═════ INPUT RECORDS

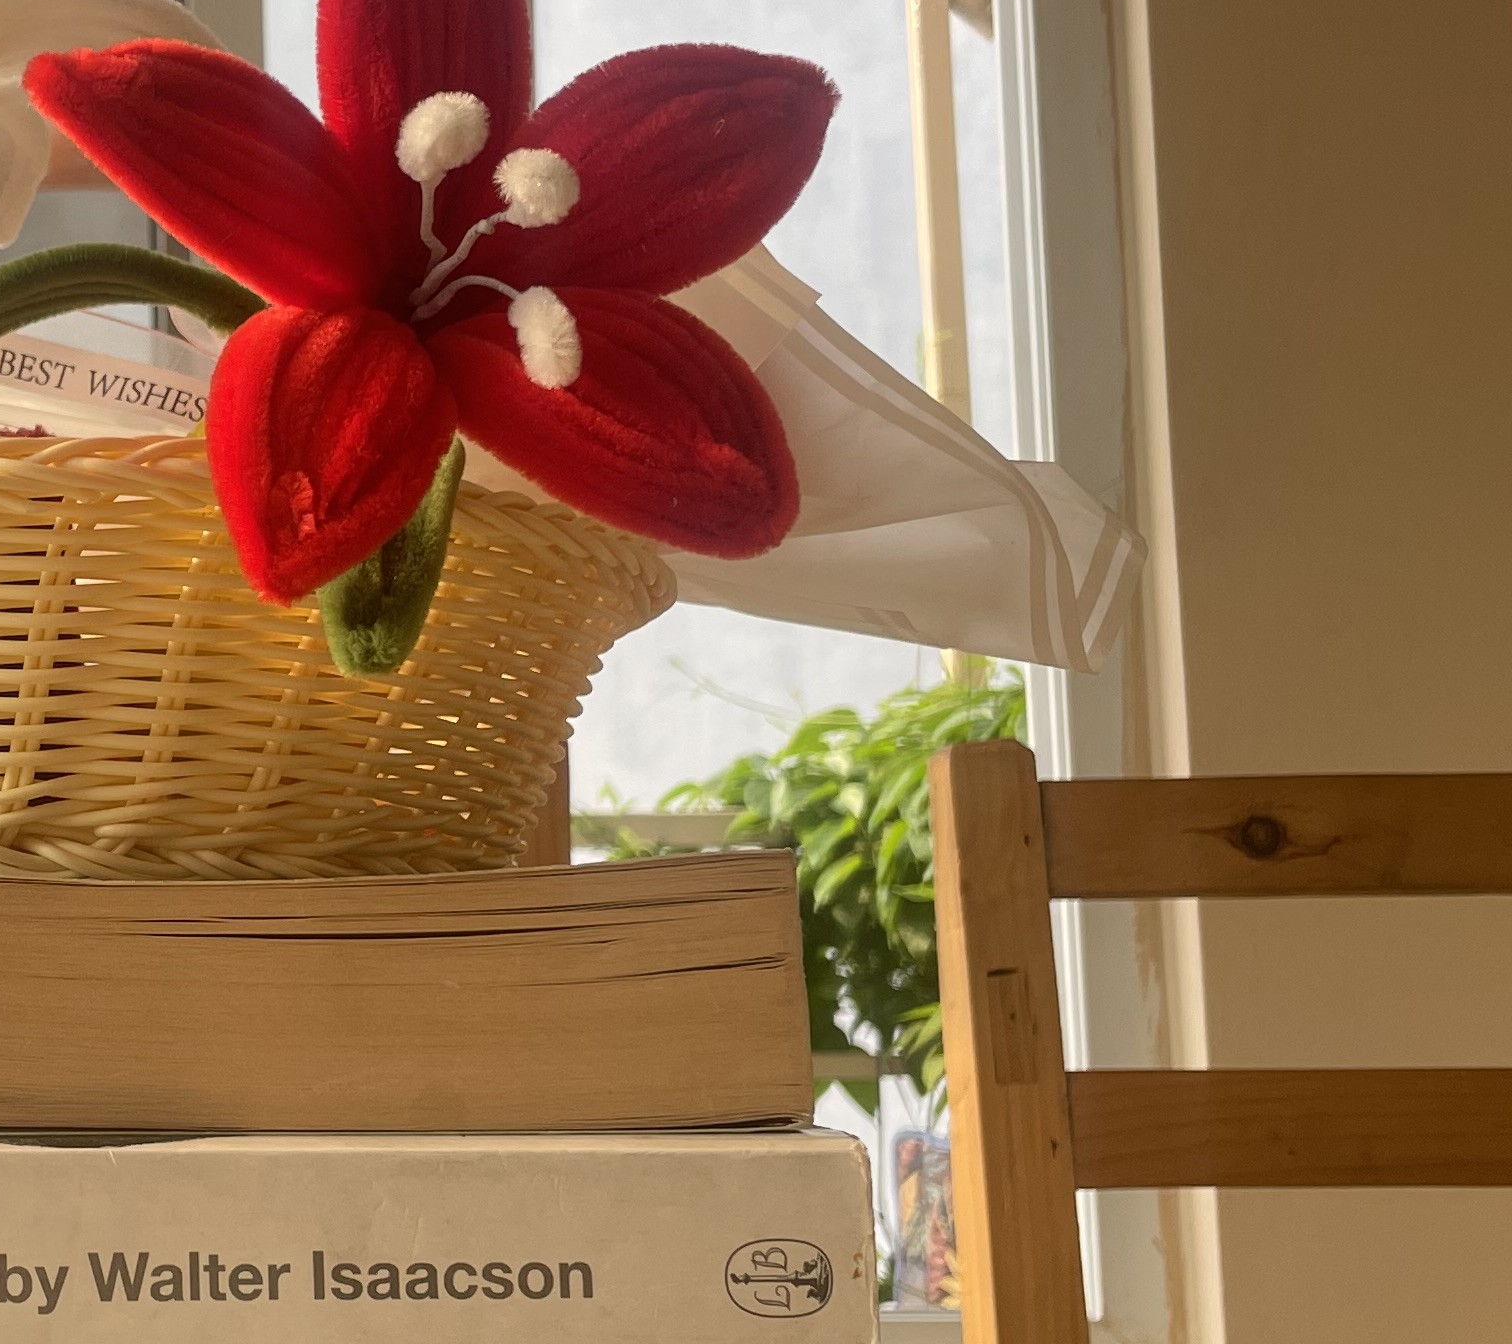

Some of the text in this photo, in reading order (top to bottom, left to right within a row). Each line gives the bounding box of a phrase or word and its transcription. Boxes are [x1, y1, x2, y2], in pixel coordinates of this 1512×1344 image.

[90, 369, 207, 423] WISHES
[88, 1252, 290, 1301] Walter
[313, 1251, 593, 1300] Isaacson
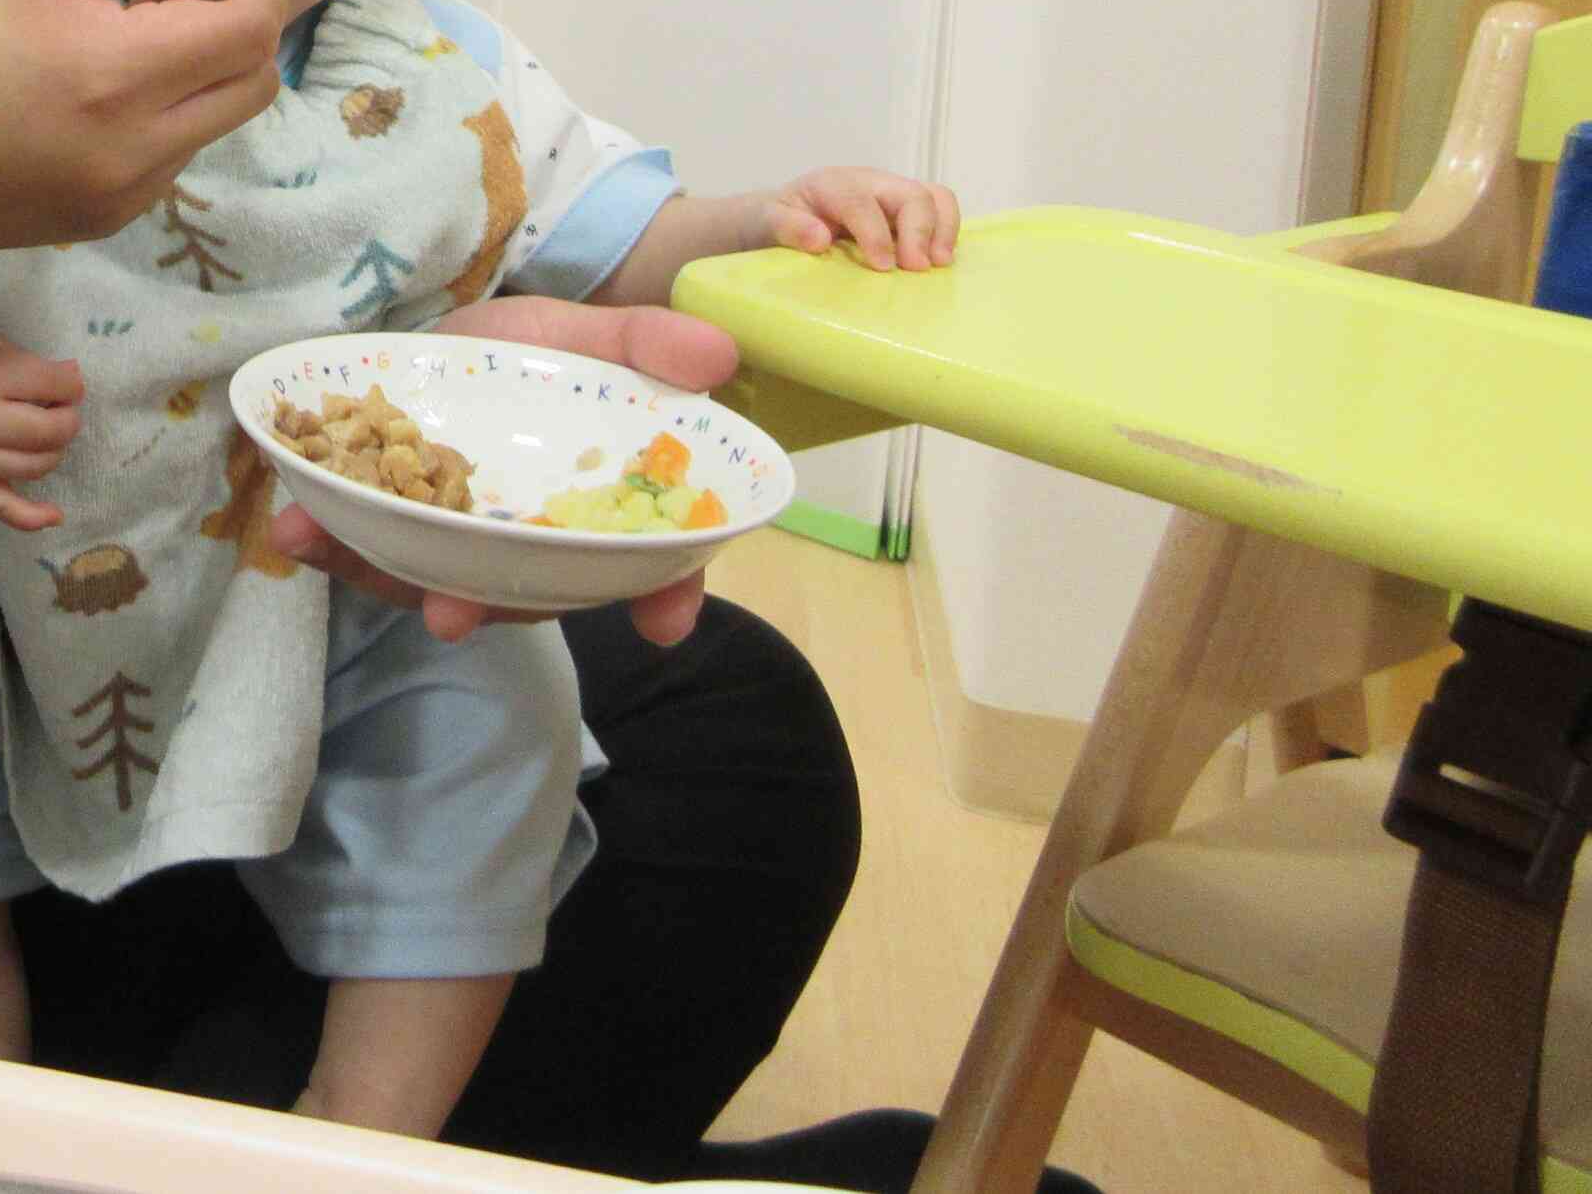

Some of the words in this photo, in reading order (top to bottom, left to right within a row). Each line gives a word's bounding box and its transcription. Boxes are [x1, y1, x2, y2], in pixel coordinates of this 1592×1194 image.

[303, 361, 314, 381] E
[339, 365, 351, 387] F
[485, 354, 498, 372] I
[598, 382, 612, 402] K
[728, 447, 747, 465] N

══════════

*WORK TASK*. Repeat only the lines running from the line that contains "Some of the words" through the last line above, inclusive.

*OUTPUT FOR THIS TASK*.
Some of the words in this photo, in reading order (top to bottom, left to right within a row). Each line gives a word's bounding box and its transcription. Boxes are [x1, y1, x2, y2], in pixel coordinates of this 1592×1194 image.

[303, 361, 314, 381] E
[339, 365, 351, 387] F
[485, 354, 498, 372] I
[598, 382, 612, 402] K
[728, 447, 747, 465] N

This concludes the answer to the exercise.